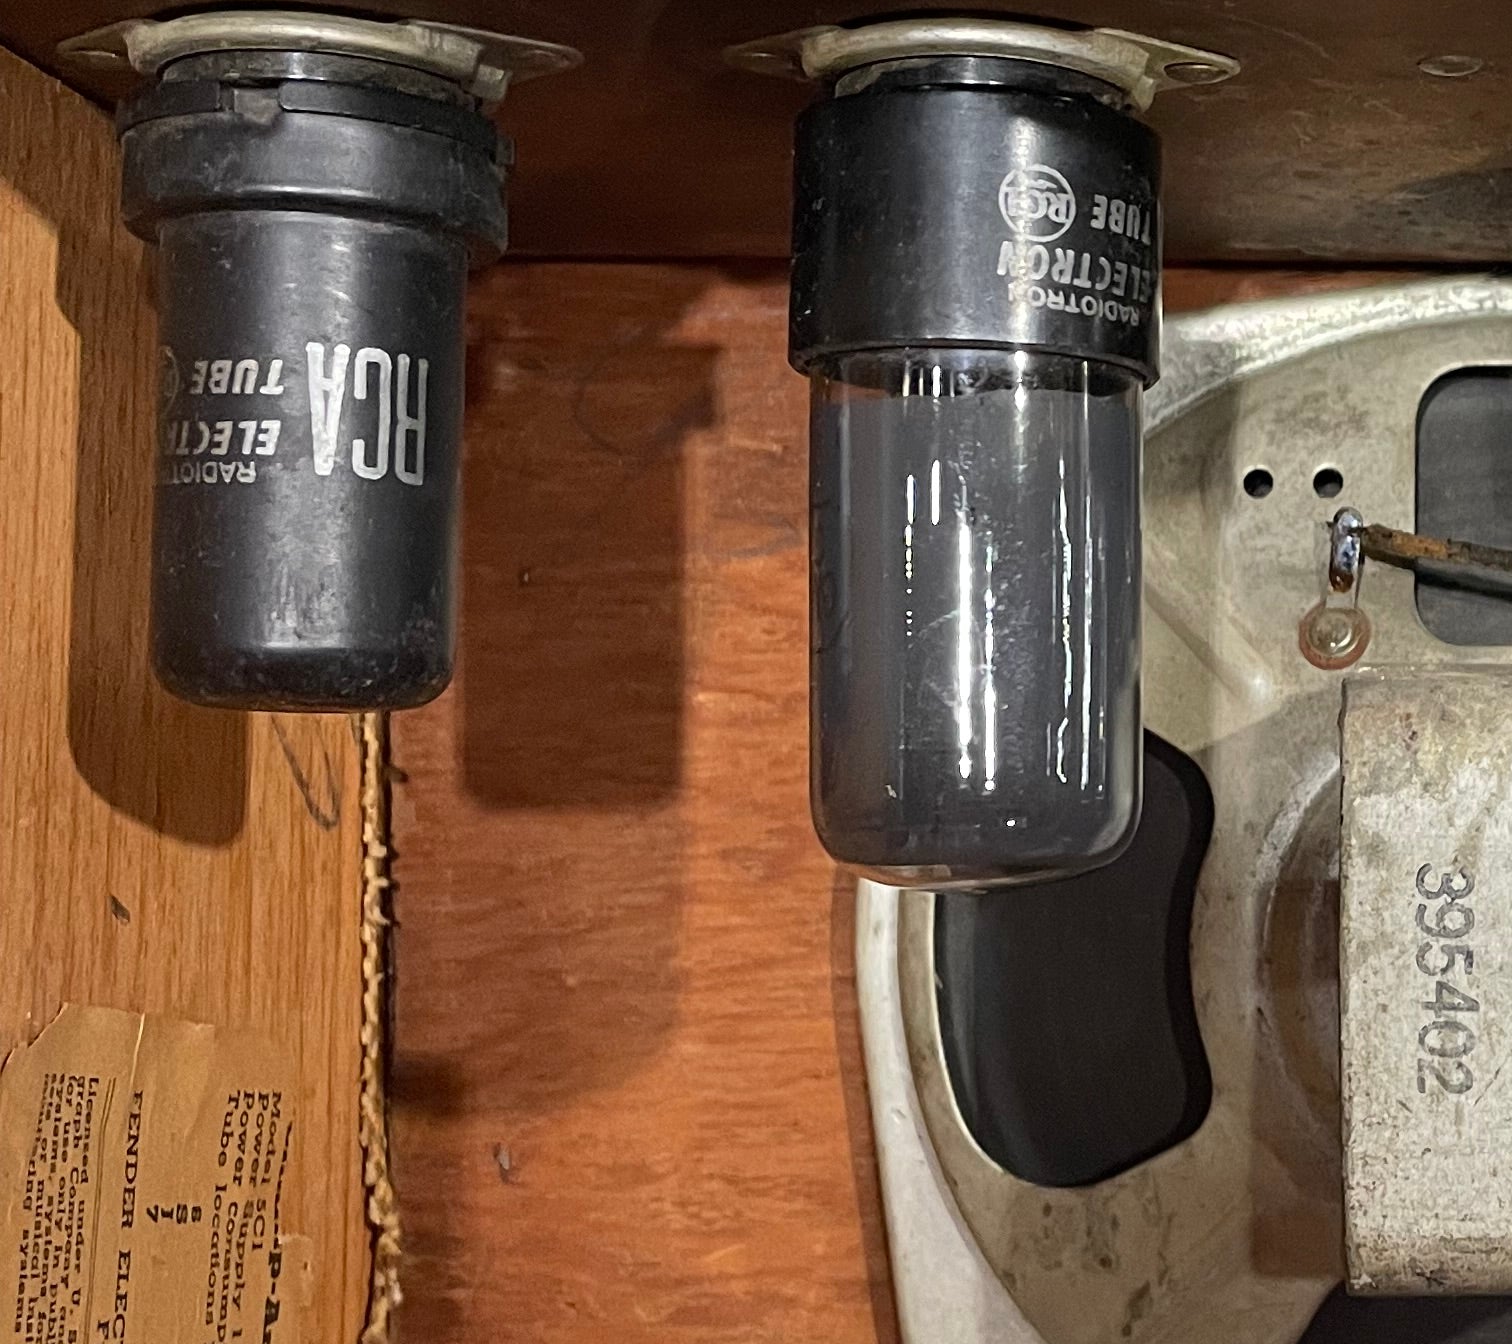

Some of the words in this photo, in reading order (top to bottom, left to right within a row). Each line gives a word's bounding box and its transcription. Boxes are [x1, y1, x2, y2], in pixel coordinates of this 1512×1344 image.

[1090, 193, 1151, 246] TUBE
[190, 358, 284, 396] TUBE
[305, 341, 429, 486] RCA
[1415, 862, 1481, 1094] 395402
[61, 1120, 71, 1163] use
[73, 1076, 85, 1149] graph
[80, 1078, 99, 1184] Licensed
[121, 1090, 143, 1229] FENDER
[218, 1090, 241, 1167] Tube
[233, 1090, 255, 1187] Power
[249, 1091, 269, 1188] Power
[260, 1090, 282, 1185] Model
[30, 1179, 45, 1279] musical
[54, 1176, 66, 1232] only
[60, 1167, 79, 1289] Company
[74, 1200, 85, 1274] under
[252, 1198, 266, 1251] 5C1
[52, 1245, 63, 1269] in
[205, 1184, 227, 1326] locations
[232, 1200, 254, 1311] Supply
___
== Exercise aim ==
The records above, copied word for word without the pictures, are what should be output.

== Response area ==
Some of the words in this photo, in reading order (top to bottom, left to right within a row). Each line gives a word's bounding box and its transcription. Boxes are [x1, y1, x2, y2], in pixel coordinates of this 1512×1344 image.

[1090, 193, 1151, 246] TUBE
[190, 358, 284, 396] TUBE
[305, 341, 429, 486] RCA
[1415, 862, 1481, 1094] 395402
[61, 1120, 71, 1163] use
[73, 1076, 85, 1149] graph
[80, 1078, 99, 1184] Licensed
[121, 1090, 143, 1229] FENDER
[218, 1090, 241, 1167] Tube
[233, 1090, 255, 1187] Power
[249, 1091, 269, 1188] Power
[260, 1090, 282, 1185] Model
[30, 1179, 45, 1279] musical
[54, 1176, 66, 1232] only
[60, 1167, 79, 1289] Company
[74, 1200, 85, 1274] under
[252, 1198, 266, 1251] 5C1
[52, 1245, 63, 1269] in
[205, 1184, 227, 1326] locations
[232, 1200, 254, 1311] Supply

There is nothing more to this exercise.